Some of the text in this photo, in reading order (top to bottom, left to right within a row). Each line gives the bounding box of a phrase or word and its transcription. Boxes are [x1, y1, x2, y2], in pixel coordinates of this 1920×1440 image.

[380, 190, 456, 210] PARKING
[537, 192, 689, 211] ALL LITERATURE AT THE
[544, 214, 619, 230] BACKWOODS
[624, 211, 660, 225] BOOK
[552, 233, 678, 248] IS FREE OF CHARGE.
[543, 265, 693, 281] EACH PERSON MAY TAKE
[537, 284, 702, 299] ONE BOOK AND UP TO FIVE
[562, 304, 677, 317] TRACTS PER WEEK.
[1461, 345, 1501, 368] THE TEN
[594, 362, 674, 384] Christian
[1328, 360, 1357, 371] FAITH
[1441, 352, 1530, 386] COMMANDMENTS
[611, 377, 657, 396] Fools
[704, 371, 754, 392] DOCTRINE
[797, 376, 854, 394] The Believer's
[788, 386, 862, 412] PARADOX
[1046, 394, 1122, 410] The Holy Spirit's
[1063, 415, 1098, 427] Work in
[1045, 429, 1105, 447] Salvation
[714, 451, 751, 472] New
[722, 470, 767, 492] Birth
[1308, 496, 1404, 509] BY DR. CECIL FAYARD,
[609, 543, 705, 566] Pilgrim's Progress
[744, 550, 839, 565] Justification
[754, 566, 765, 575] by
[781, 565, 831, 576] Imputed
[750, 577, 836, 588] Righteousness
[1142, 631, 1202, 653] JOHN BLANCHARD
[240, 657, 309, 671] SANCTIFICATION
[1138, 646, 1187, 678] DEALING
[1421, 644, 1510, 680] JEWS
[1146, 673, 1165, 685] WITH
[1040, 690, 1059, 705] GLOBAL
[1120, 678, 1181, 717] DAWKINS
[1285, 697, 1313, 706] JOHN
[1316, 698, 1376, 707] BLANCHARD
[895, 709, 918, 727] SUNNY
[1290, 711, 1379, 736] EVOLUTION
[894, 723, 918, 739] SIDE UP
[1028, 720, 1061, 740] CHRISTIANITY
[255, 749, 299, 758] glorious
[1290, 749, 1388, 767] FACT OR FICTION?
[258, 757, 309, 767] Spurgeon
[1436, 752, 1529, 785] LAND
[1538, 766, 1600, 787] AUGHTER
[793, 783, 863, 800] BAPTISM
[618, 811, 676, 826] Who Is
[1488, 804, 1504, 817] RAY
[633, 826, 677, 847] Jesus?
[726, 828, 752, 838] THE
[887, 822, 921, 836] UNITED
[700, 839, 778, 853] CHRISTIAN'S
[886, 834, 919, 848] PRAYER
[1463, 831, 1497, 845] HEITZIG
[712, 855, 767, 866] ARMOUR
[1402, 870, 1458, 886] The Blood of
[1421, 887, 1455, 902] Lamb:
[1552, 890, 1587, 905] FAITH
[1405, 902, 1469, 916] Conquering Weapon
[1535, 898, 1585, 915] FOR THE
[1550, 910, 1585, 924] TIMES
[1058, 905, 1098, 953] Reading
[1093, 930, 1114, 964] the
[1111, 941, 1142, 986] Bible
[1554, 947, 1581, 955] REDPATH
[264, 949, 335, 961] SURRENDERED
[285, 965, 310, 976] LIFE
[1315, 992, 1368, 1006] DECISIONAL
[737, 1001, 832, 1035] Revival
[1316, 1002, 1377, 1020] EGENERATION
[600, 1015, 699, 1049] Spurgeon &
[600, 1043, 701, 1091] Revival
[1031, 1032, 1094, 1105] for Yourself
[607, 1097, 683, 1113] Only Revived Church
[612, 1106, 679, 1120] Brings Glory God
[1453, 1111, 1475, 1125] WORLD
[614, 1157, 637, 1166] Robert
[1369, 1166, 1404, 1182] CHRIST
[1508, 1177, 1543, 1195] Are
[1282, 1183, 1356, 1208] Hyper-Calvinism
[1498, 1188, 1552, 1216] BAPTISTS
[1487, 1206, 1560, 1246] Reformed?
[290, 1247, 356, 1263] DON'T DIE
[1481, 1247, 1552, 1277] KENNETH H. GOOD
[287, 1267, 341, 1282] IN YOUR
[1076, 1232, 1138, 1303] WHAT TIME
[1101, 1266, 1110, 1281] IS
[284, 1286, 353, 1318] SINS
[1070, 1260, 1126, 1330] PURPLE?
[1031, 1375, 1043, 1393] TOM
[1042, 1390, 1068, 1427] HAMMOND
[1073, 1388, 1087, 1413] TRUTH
■ ■ ■
> Exercise requirements
Sift the material for lines with the string "FAITH". Copy each one found.

> Solution to this exercise
[1328, 360, 1357, 371] FAITH
[1552, 890, 1587, 905] FAITH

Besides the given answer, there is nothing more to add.